GEE_MODEL

Overview

The GEE_MODEL function fits a Generalized Estimating Equations (GEE) model for analyzing correlated or clustered data, such as longitudinal studies, repeated measures, or hierarchical designs. GEE extends generalized linear models (GLMs) to handle situations where observations within clusters may be correlated, while observations between clusters are assumed to be independent.

GEE was introduced by Liang and Zeger (1986) as a method for estimating regression parameters in marginal models when the data have a grouped structure. Unlike mixed-effects models that estimate subject-specific effects, GEE focuses on estimating population-averaged (marginal) effects, making it particularly suitable for epidemiological and clinical studies where population-level interpretations are desired.
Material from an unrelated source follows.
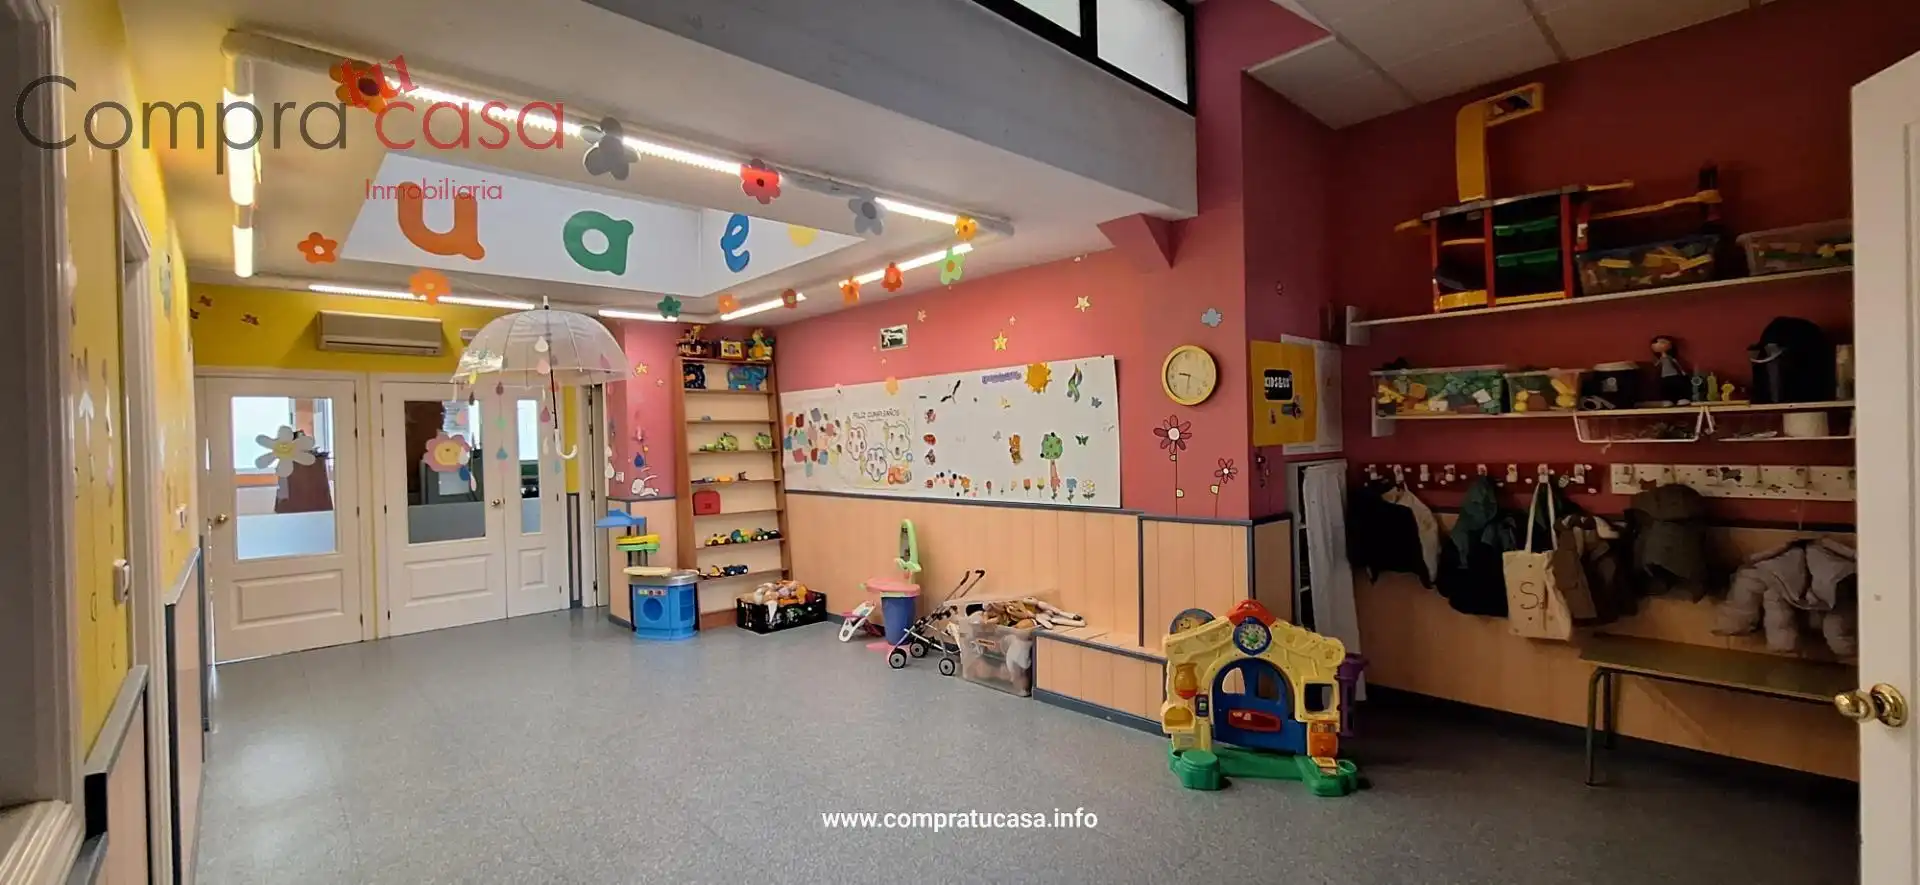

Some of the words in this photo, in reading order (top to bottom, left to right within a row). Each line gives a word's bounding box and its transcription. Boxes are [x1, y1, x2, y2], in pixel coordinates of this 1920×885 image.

This implementation uses the statsmodels library. For detailed documentation, see the GEE class reference and the GEE user guide.

The function supports multiple distribution families (Gaussian, Binomial, Poisson, Gamma) and working correlation structures:

Exchangeable: Assumes constant correlation between all pairs of observations within a cluster
AR(1): First-order autoregressive structure, appropriate for equally-spaced longitudinal data
Independence: Assumes no within-cluster correlation (equivalent to GLM with robust standard errors)
Unstructured: Estimates a separate correlation for each pair of observations

GEE uses an iterative algorithm that alternates between estimating regression coefficients (using weighted least squares) and updating the working correlation structure. A key advantage is that parameter estimates remain consistent even if the working correlation structure is misspecified, though efficiency improves with a correctly specified structure. The function returns robust “sandwich” standard errors following Liang and Zeger (1986), which provide valid inference regardless of the true correlation structure.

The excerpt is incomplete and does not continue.